_Records shown_
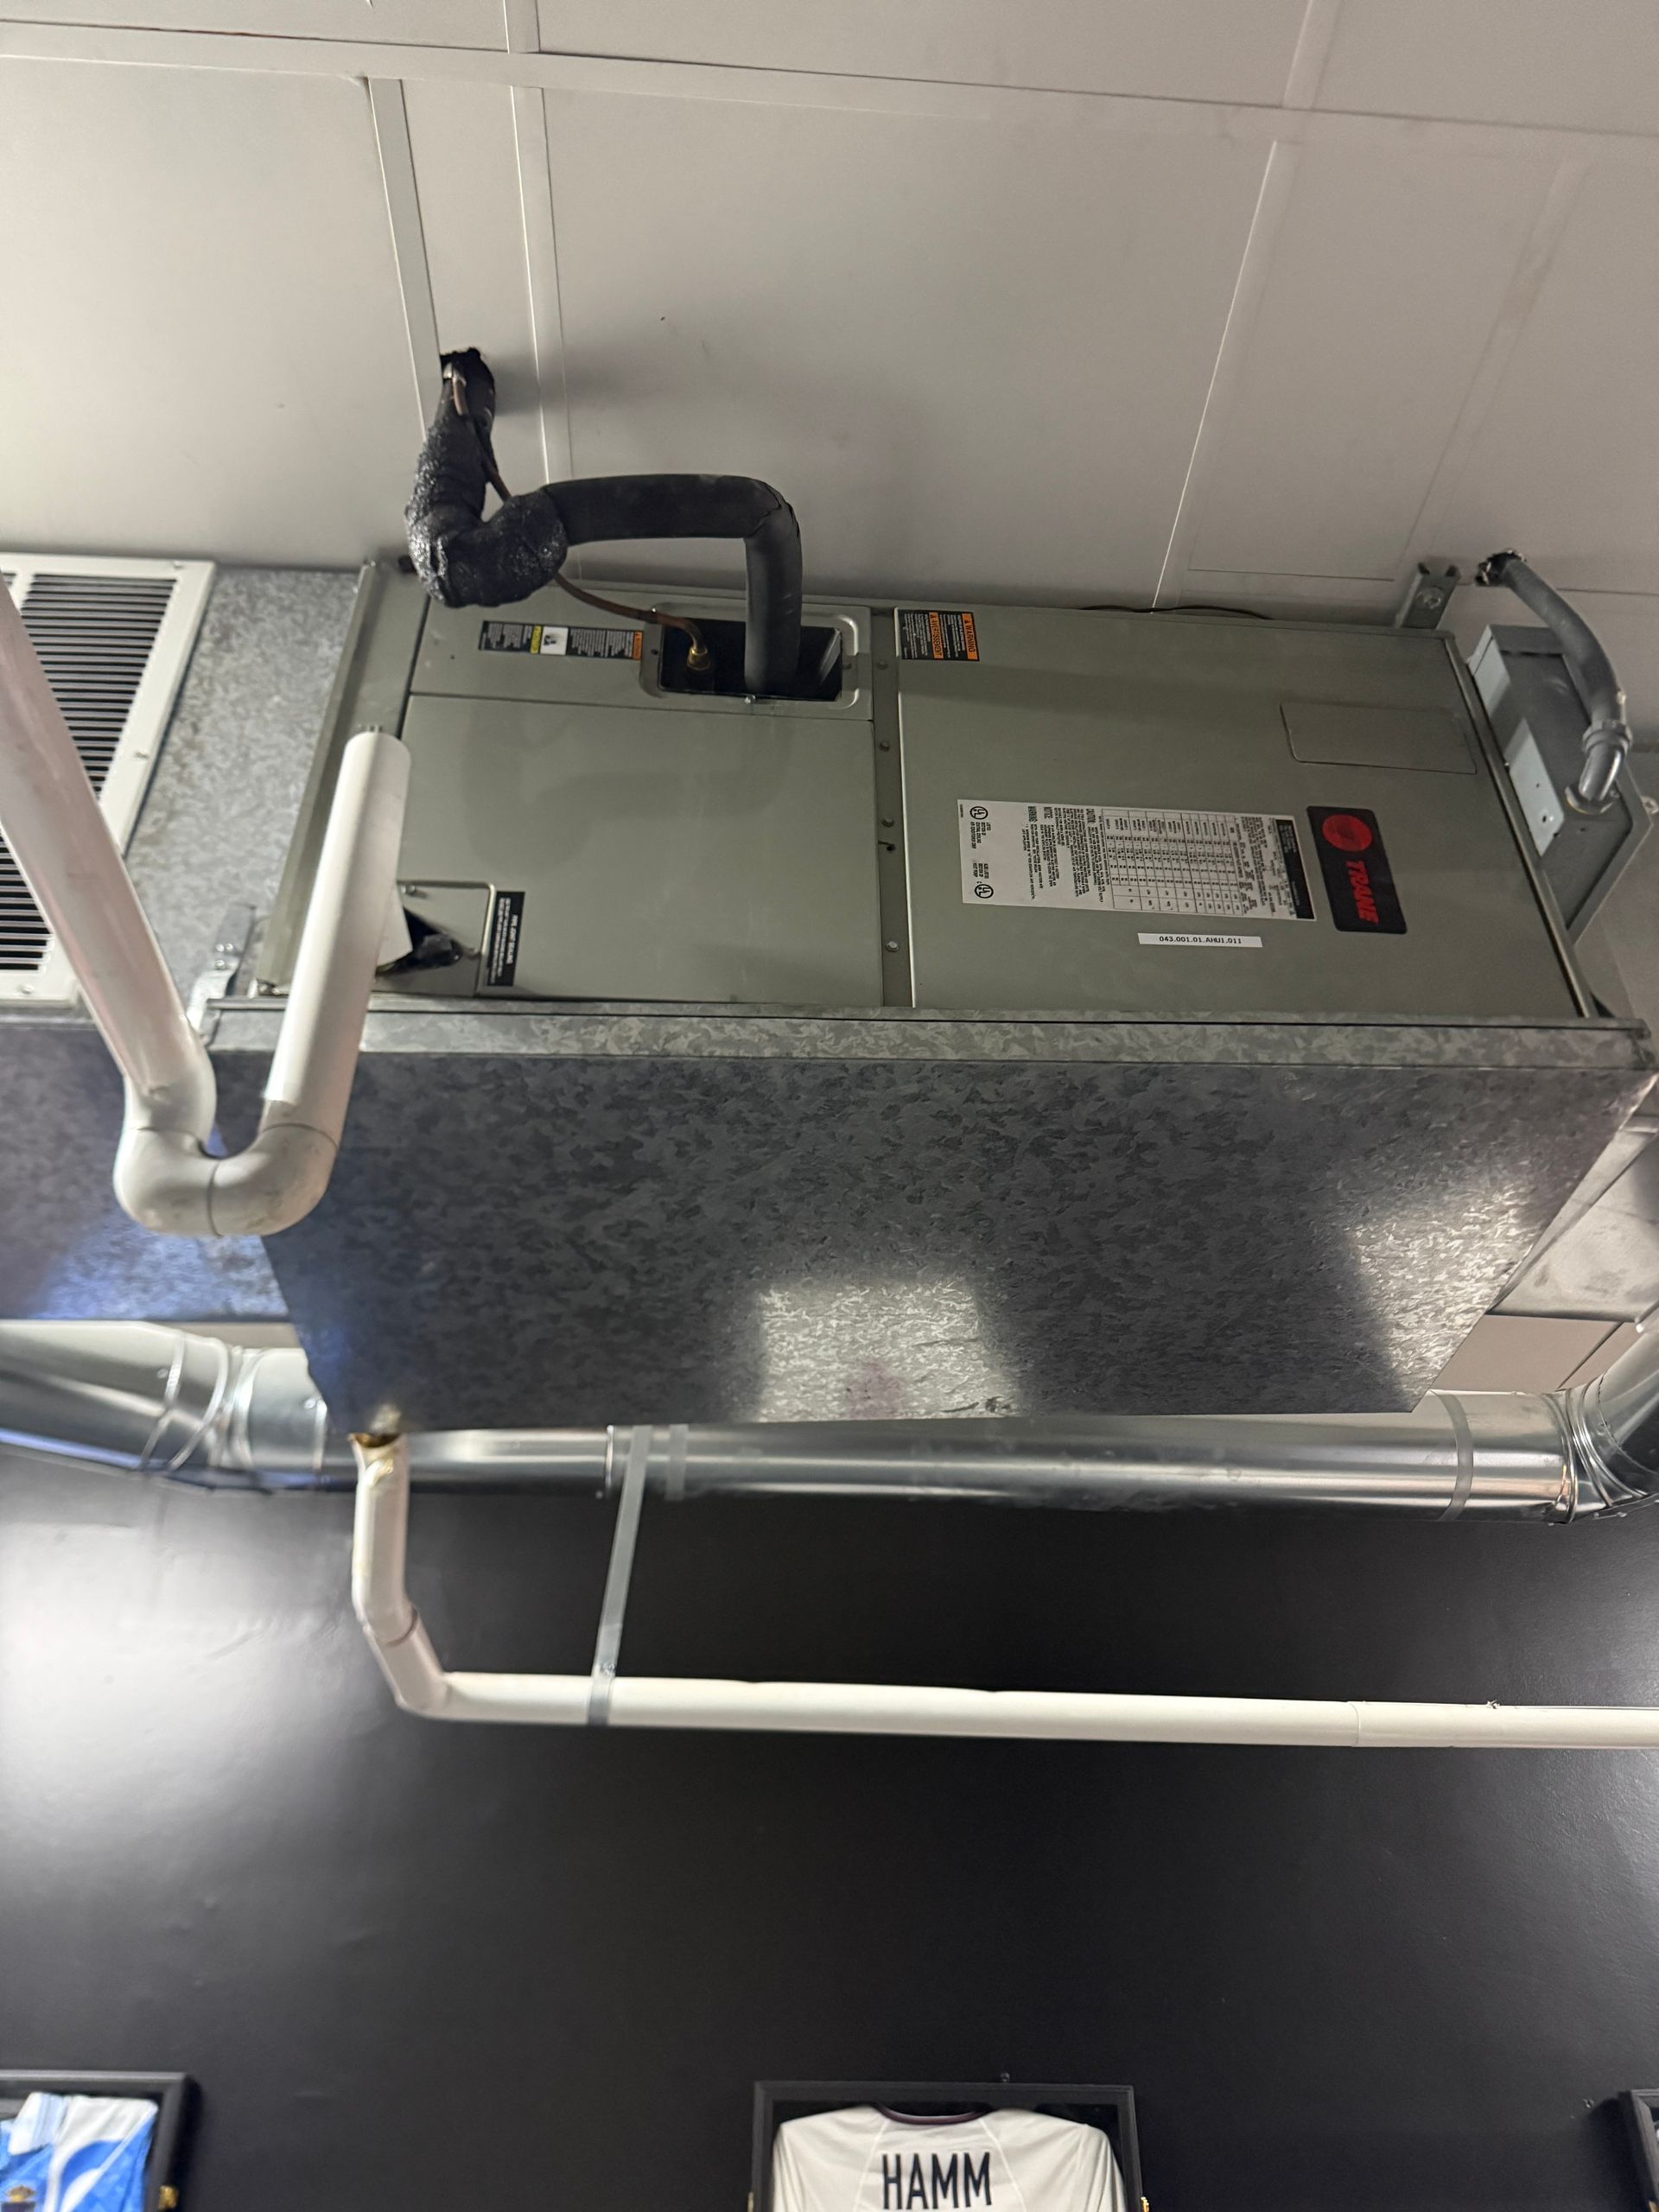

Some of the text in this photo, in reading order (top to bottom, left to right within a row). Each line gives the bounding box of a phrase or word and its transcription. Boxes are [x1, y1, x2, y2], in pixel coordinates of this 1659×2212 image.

[964, 624, 976, 652] WARNING
[1345, 861, 1379, 924] TRANE
[1159, 936, 1242, 944] 043.001.01.AHU1.011
[882, 2152, 991, 2211] HAMM
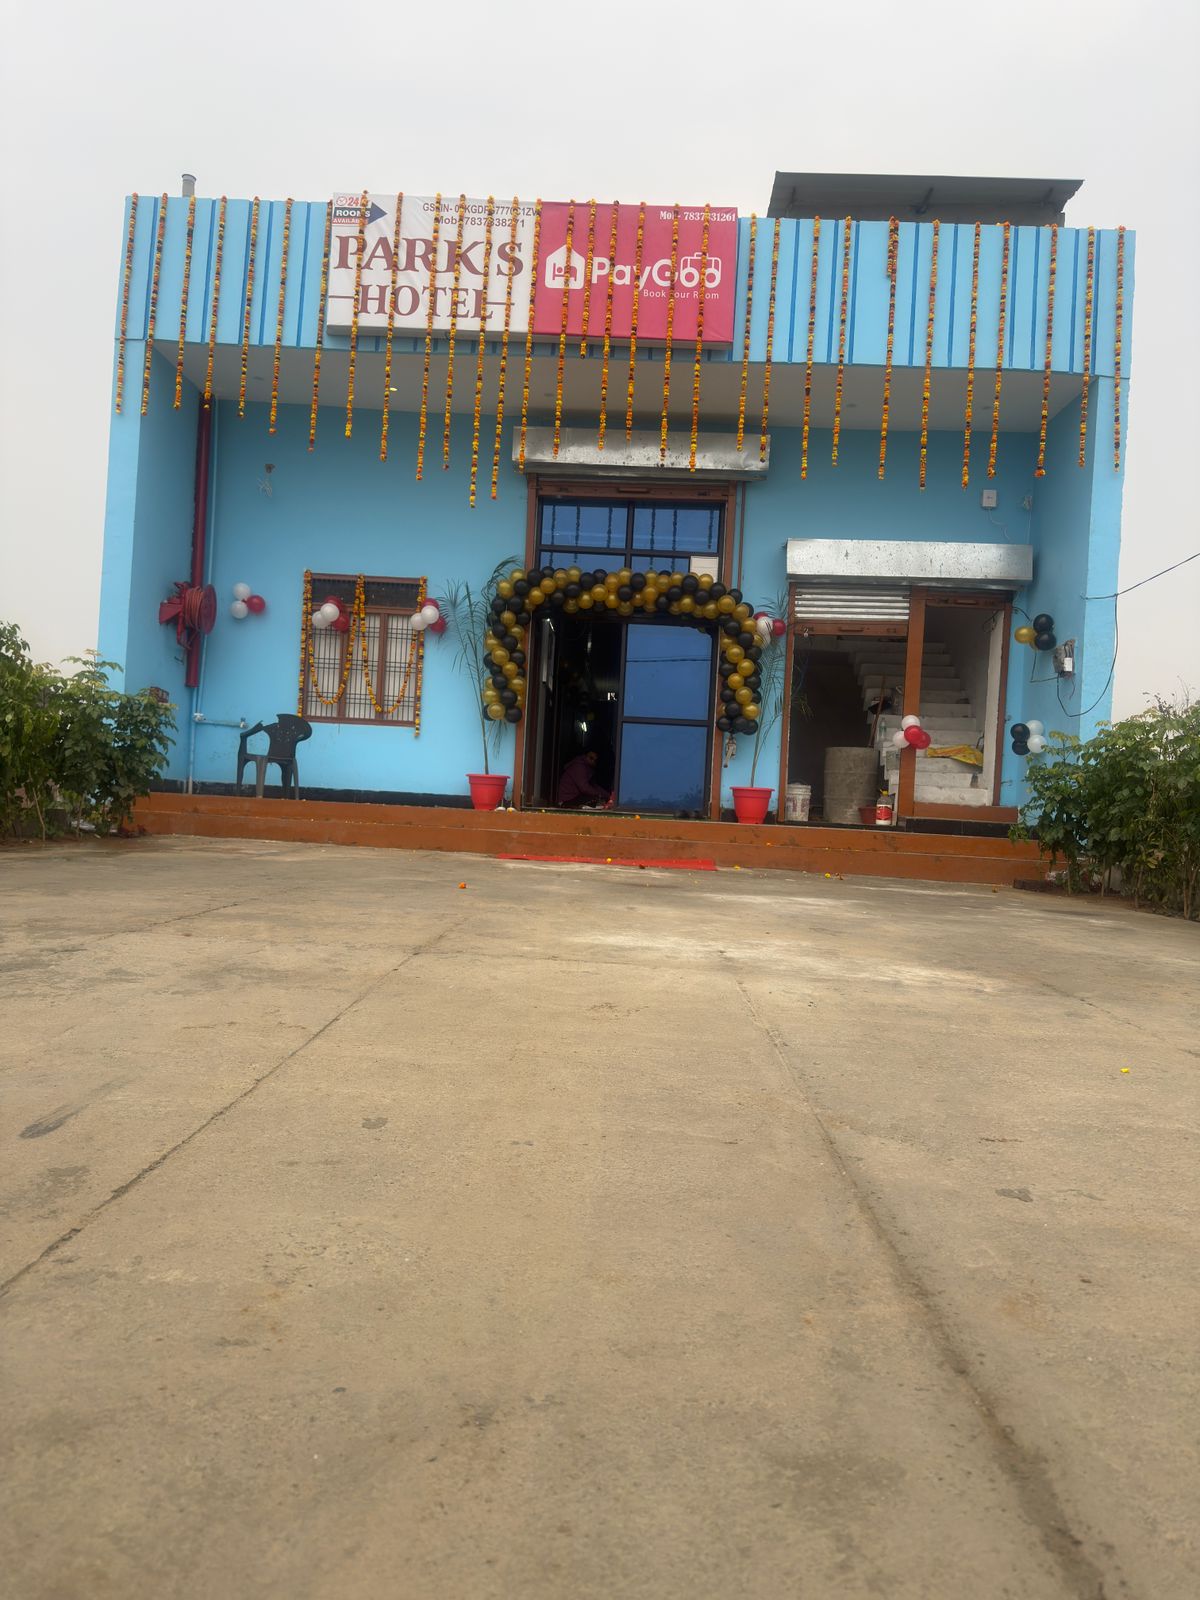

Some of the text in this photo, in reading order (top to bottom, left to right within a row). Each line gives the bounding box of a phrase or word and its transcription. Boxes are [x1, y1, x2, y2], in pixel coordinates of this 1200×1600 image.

_Instructions for the task_
Transcribe the listing exactly; skip the pictures.

_Answer box_
Some of the text in this photo, in reading order (top to bottom, left to right within a row). Each line gives the bounding box of a phrase or word and its transcription. Boxes are [x1, y1, x2, y2], in pixel coordinates of this 1659×2212 image.

[964, 624, 976, 652] WARNING
[1345, 861, 1379, 924] TRANE
[1159, 936, 1242, 944] 043.001.01.AHU1.011
[882, 2152, 991, 2211] HAMM

Some of the text in this photo, in reading order (top to bottom, left to right within a row). Each line gives the bounding box of a phrase or word and its transcription. Boxes are [x1, y1, x2, y2], in pixel coordinates of this 1200×1600 image.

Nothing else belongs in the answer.